RSS Feed RUNNING THE PROGRAM
This README file provided by the TransTerm suppliers.
You need 2 input files: one with genome sequence and the other one with gene coordinates. Please note: the program is based on statistical analyses of the whole genome and you need the whole genome (or a significant part of it) to get correct results.
The first input file has the following format:
>header1 sequence1 >header2 sequence2 ... >last header last sequence
The each header and sequence corresponds to one bacterial chromosome or plasmid. The header has the following format:
something_something_id_something
id is an id of the chromosome or plasmid, for example:
>Borrelia_burgdorferi_3615_main 7/12/99 TAAATATAATTTAATAGTATAAAAAAAATTAAATCAAATTAATAATAGTTTAAAAAACTG TTTGTATAATATAATATTATTATATATAATATTAAGCAACTACTATGATACTAATGAAGT ATAGTGCTATTTTATTAATATGTAGCGTTAATTTATTTTGTTTTCAAAATAAATTAACTA .........sequence of the main chromosome......... >Borrelia_burgdorferi_4091_cp26(plasmid_B) 7/12/99 TTTAAAACTTTTCTATTGGATAGATTTTATACAAAGAAGGTAATAATGTATAAACAACAA TATTTTATTTCTGGCAAGGTGCAAGGTGTTGGTTTTAGATTTTTCACAGAGCAAATAGCA AATAATATGAAACTAAAAGGATTTGTAAAAAATCTCAACGATGGAAGGGTAGAAATTGTA .........sequence of the cp26 plasmid............
See file GBB.1con (from demo) for a more complete example.
The second input file has four fields separated by tabs:
gene name start stop id
id is a chromosome or plasmid id where the gene is located, start and stop are gene coordinates. If gene is located on the "+" strand, than start is less than stop. Otherwise stop is less than start.
Example:
ORF00003 910175 909845 3615 ORF00004 908407 909588 3615 ORFB0002 15107 13896 4091
See file GBB.coords (from demo) for a more complete example.
Run the program:
srun perl ../src/TransTerm -s first_input file \ -c second input file -o output file -g
Option -g enables searching for terminators that have gaps in the stem. If you don't need them, don't use -g, the program will run faster.
UNDERSTANDING OUTPUT
For an example output file, see GBB.out from the demo.
Look at the output file. Is it empty? If so, it can be because some bacteria don't have rho-independent terminators or it may be because something gone wrong. Try to decrease confidence cutoff:
In in the file src/smooth_confidence.perl change lines:
$tail_to_tail_prob_cutoff = 90; $head_to_tail_prob_cutoff = 90; into: $tail_to_tail_prob_cutoff = 0; $head_to_tail_prob_cutoff = 0;
and rerun the program. Is the output is still empty?

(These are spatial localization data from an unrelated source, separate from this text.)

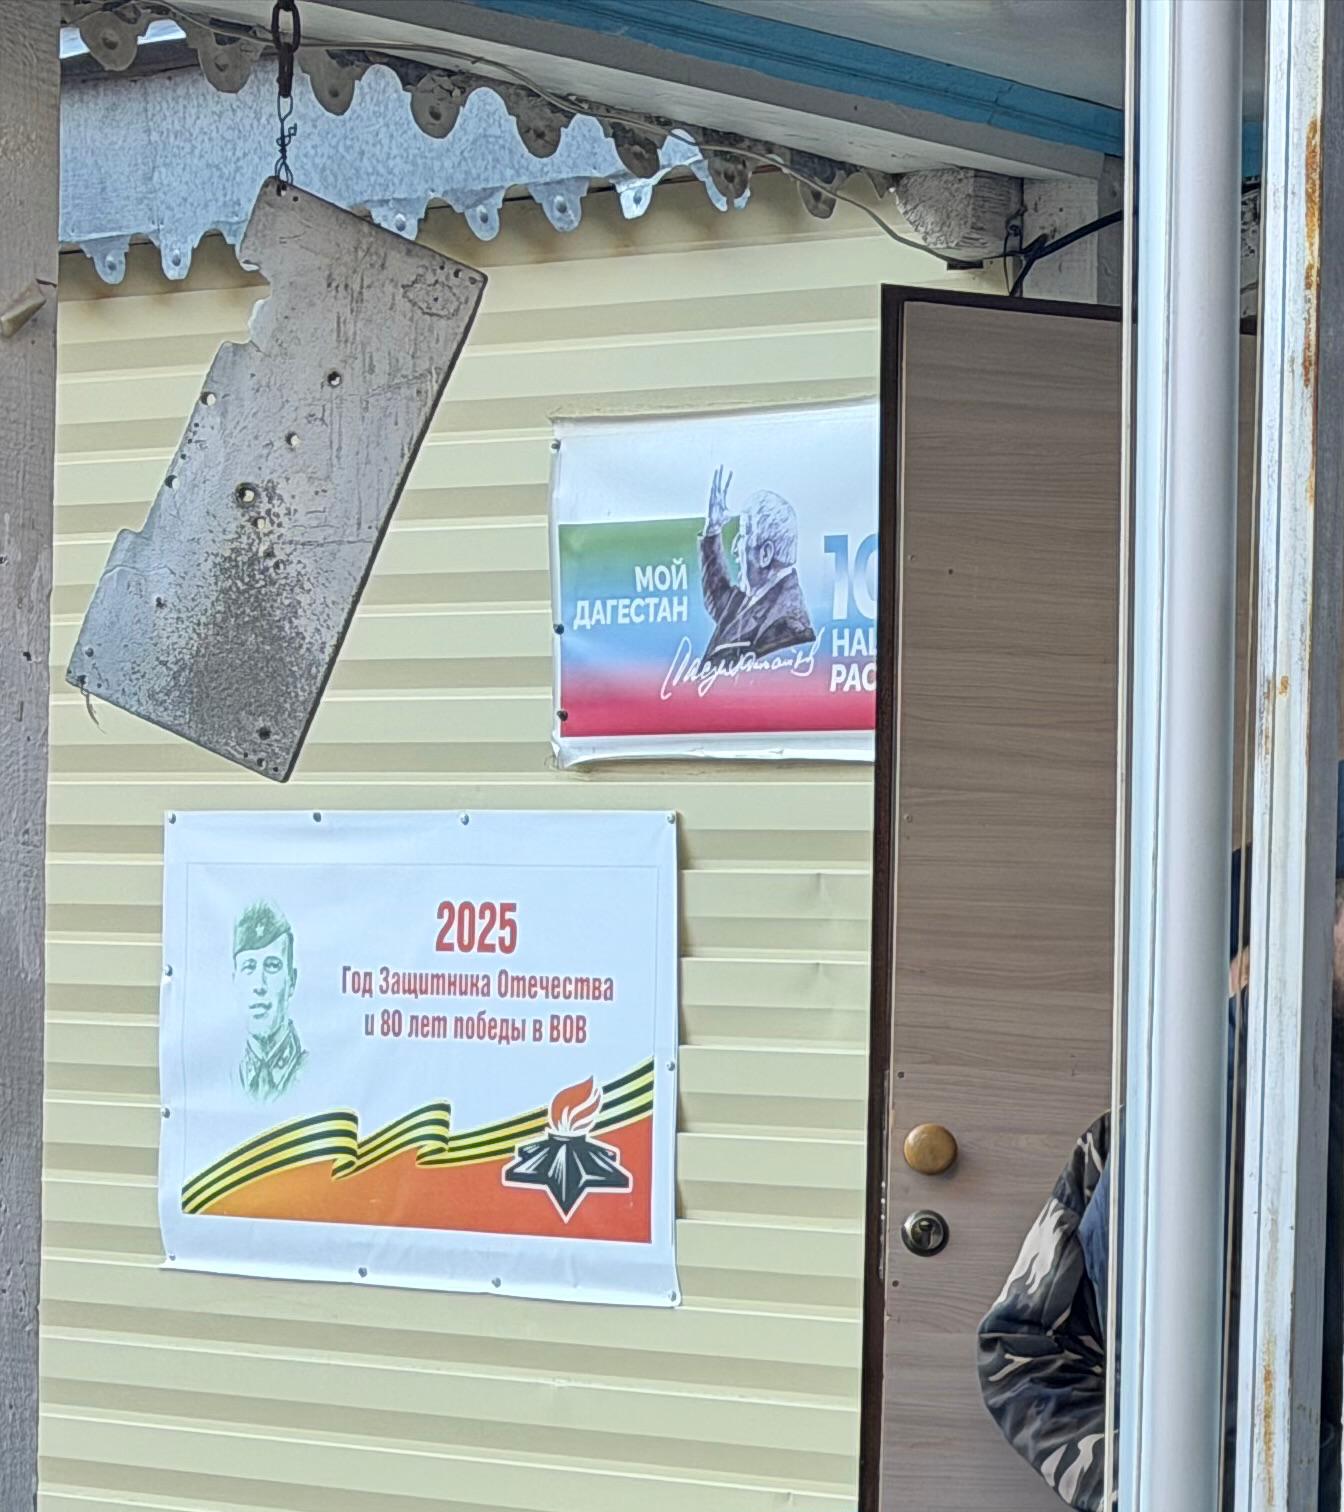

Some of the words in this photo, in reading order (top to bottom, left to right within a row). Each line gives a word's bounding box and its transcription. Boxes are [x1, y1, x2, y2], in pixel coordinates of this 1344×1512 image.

[635, 557, 688, 592] МОЙ
[572, 597, 688, 629] ДАГЕСТАН
[435, 900, 518, 954] 2025
[341, 965, 373, 999] Год
[378, 966, 491, 999] Защитника
[497, 969, 615, 1002] Отечества
[364, 1013, 375, 1037] и
[380, 1008, 402, 1038] 80
[407, 1013, 448, 1039] лет
[453, 1010, 526, 1045] победы
[532, 1018, 543, 1042] в
[549, 1014, 588, 1044] ВОВ
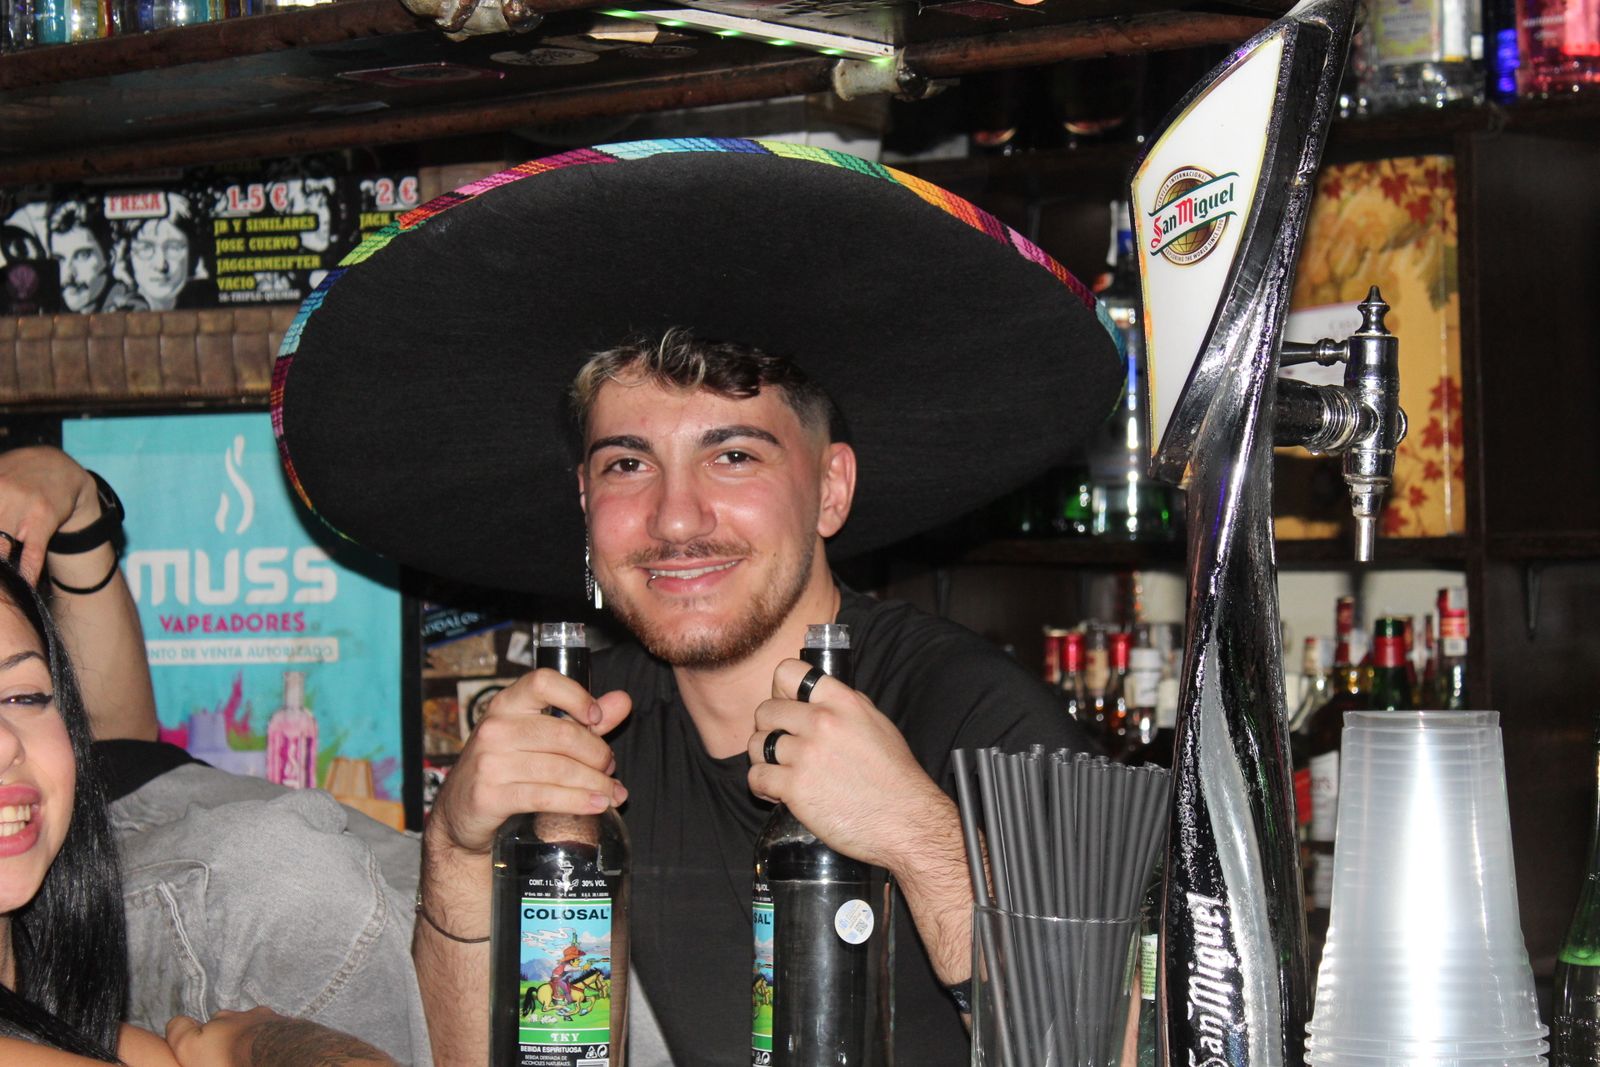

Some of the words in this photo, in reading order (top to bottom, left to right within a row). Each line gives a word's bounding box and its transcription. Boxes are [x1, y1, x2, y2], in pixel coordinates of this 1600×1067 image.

[227, 184, 265, 211] 1.5
[376, 178, 395, 207] 2
[1151, 215, 1177, 248] San
[1175, 182, 1234, 226] Miguel
[232, 219, 242, 233] Y
[246, 216, 316, 232] SIMILARES
[215, 238, 245, 256] JOSE
[248, 236, 299, 251] CUERVO
[1193, 246, 1209, 260] WORLD
[217, 276, 256, 290] VACIO
[126, 547, 337, 606] MUSS
[159, 612, 306, 633] VAPEADORES
[150, 647, 176, 660] NTO
[181, 647, 196, 659] DE
[201, 646, 242, 659] VENTA
[249, 644, 333, 658] AUTORIZADO
[582, 879, 594, 887] 30%
[523, 908, 609, 920] COLOSAL
[1186, 892, 1236, 1020] Miguel
[550, 1033, 580, 1042] TKY
[521, 1045, 541, 1053] BEBIDA
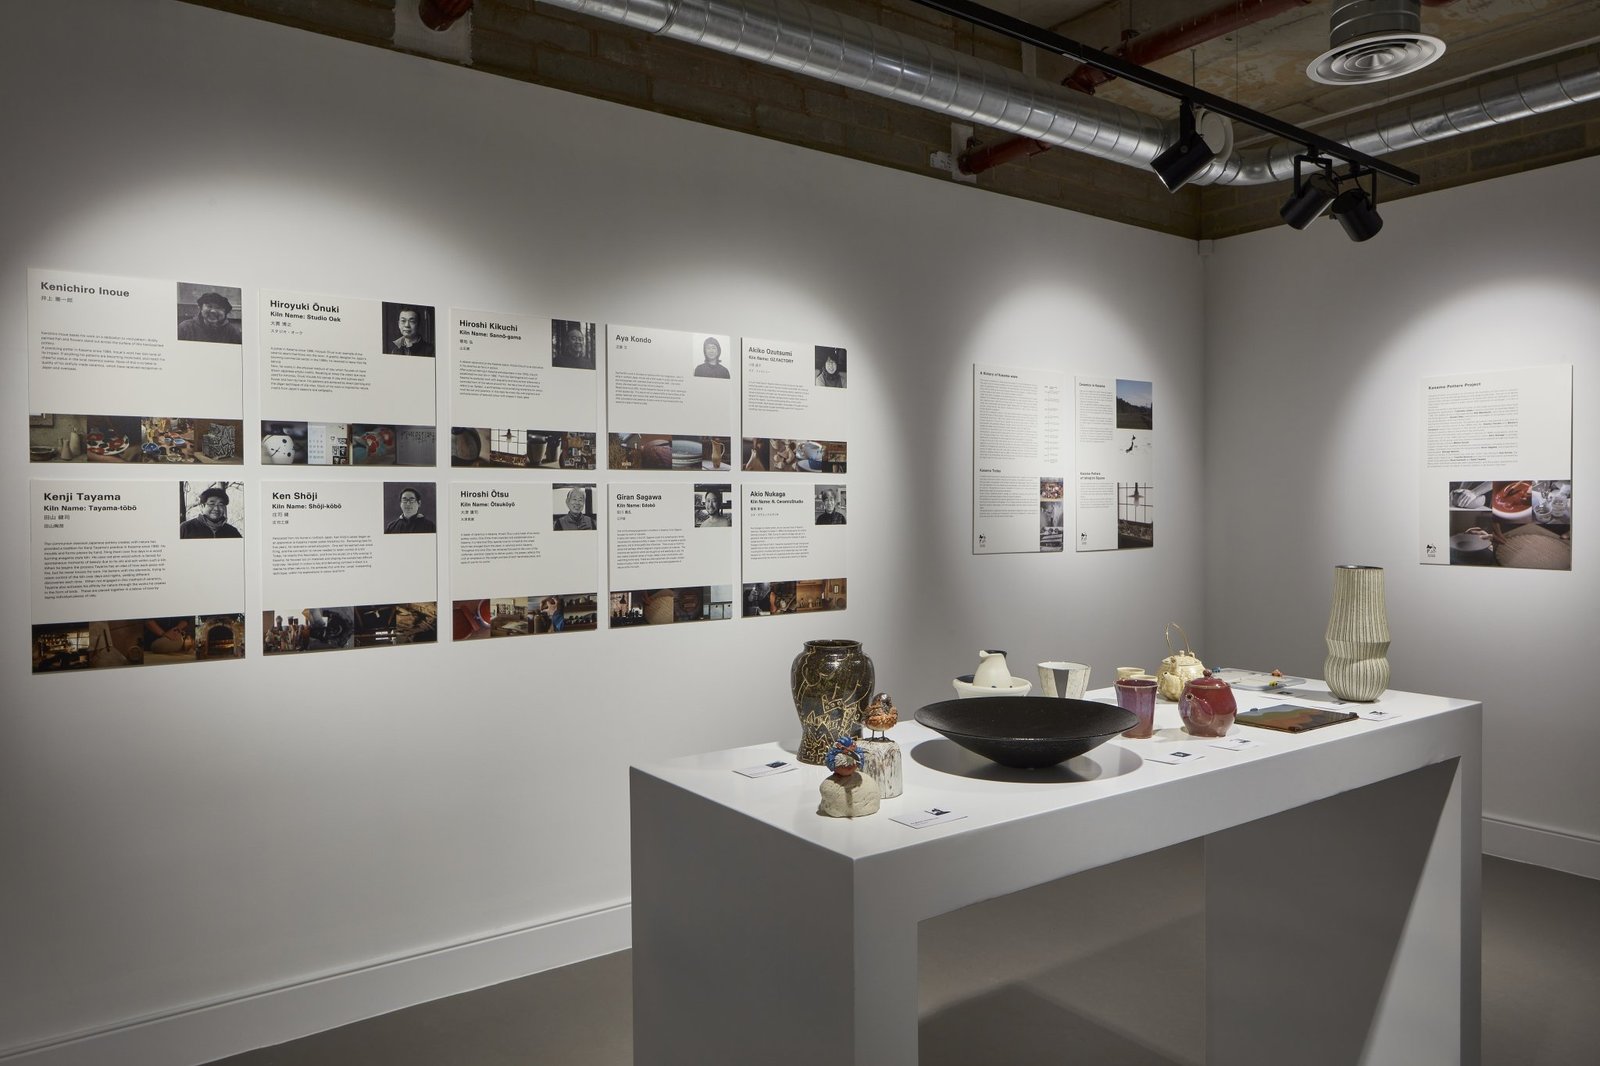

Check the input files. Did you tried to run demo? Not all bacteria has rho-independent transcription terminators, but some sequences look similar to them and will be outputted if confidence cutoff is low.
The each line of the output file (except for lines that starts with *****) corresponds to one found terminator.
The first field is a name of the intergenic region where the terminator is located.
The next two fields are terminators coordinates in the genome.
The fourth field is a DNA strand where the terminator is located: -1 means "-", 1 means "+" and 0 means both strands.
The fifth field is a terminator confidence (in %): probability that the found structure is in fact transcription terminator. We recommend to take into account only those terminators with confidence 98% or higher in order to avoid false positives.
The next field is a stem length.
The next field is a position of a gap in the stem. If it is zero, than the hairpin doesn't have a gap.
The last field indicates in which chromosome or plasmid the terminator is located.
Look at the fifth column of the output file. Are there many (at least 20-30) lines where confidence is higher than 90? If no, the given genome do not have substantial amount of rho-independent terminators. In this case the found terminators can be only considered to be terminator candidates with unknown confidence because our approach uses statistical analyses to estimate confidence. If a number of terminators is small, estimation may be incorrect.
Some additional files will be created during calculation. Ignore them. You can delete them after the calculation is done.